Monday, Jul. 14, 1947
In the Course of Human Events
One hundred and seventy-one years ago, an American nation started its span of history. Two million Americans issued a call that stirred the political consciousness of mankind.
Last week, 140 million Americans faced the greatest opportunity of their history. Strangely enough, it was of Russia's making, though the U.S. had forced the issue. In Paris, Russia refused to participate in Secretary of State George Marshall's plan for the revival of Europe (see INTERNATIONAL). Russia had withdrawn into a new kind of isolation. The U.S. opportunity was to set Western Europe back on its economic feet, unhampered by Russian participation, bickering, delay and vetoes.
If the U.S. rejected its opportunity, Europe most certainly would founder. That, as Russia had made clear, was what Russia calculatingly waited for.
Great Moment. The nation's moral position was clear. Even as Molotov in Paris raised the familiar cry of U.S. interference, George Marshall flung the charge back. The U.S. had already sent Europe some $9 billion in food and goods since the war's end; the U.S. had demobilized, unbidden, the greatest military power the world had ever seen.

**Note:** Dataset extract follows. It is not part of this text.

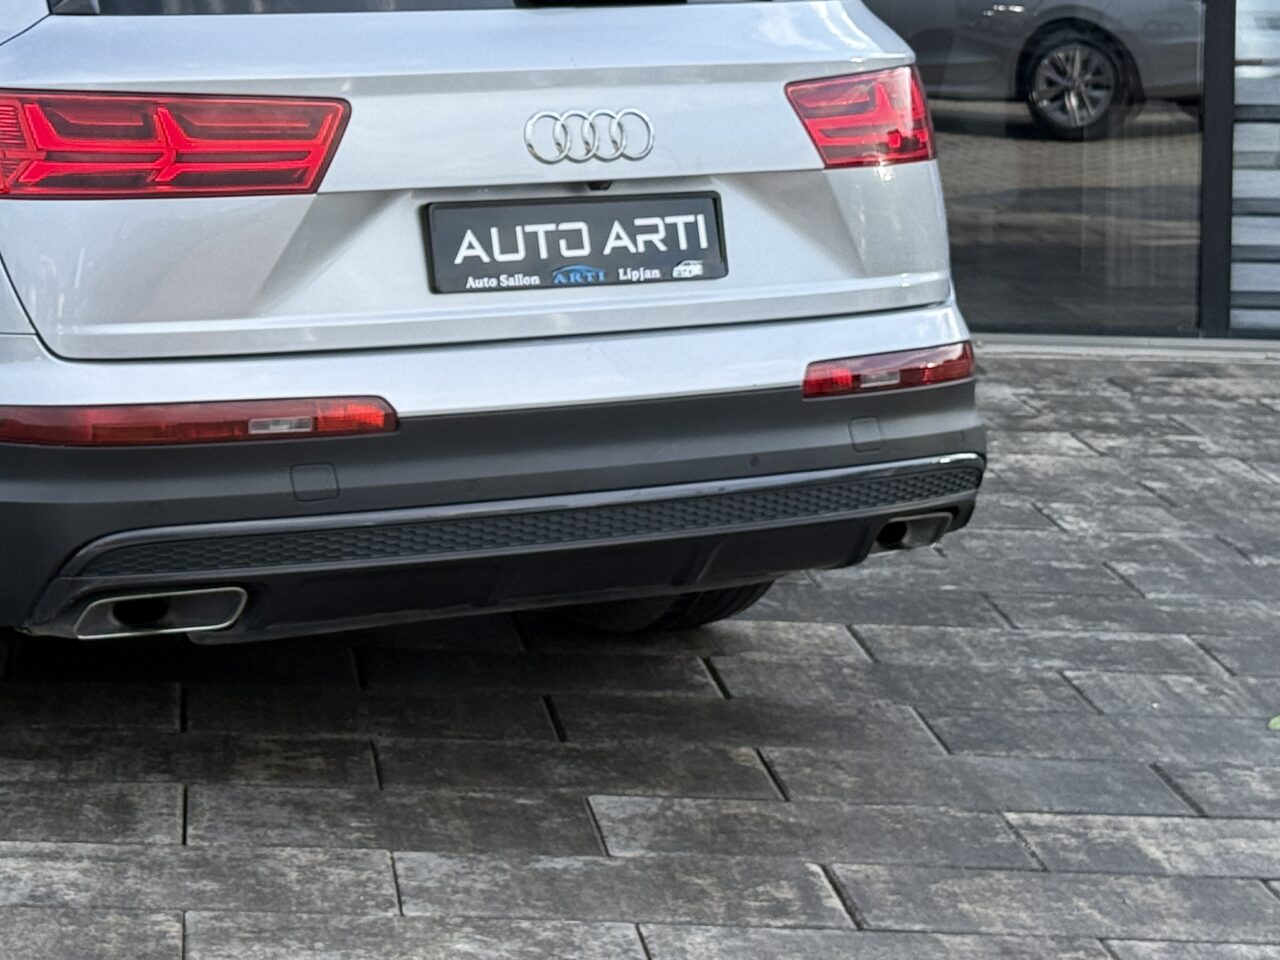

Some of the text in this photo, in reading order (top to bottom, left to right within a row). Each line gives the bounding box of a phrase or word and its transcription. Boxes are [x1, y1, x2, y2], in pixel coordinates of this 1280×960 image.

[454, 213, 709, 265] AUTO ARTI
[465, 275, 498, 289] Auto
[553, 270, 606, 285] ARTI

Said Marshall: "No conditions were attached to this withdrawal. . . . No political parties . . . have been left behind in European countries to attempt conquest of governments from within. No American agents have sought to dominate the police establishments of European countries."
The splitting of one world into two worlds was Russia's act, not the U.S.'s. Speaking from the steps of Monticello, home of Thomas Jefferson, on Independence Day, Harry Truman branded Russia's action "folly." Said he: "We have learned that nations are interdependent." If there is to be peace, nations must shape their policies "to support a world economy rather than separate nationalistic economies." As the greatest industrial nation of the world, the responsibility for that kind of peace devolved on the U.S.
The next immediate step was up to Britain and France and the nations of Western Europe. But the final step was up to the U.S. people, who would be called upon to underwrite the Marshall Plan. In the course of human events, it had once again become necessary to stir the political consciousness of mankind.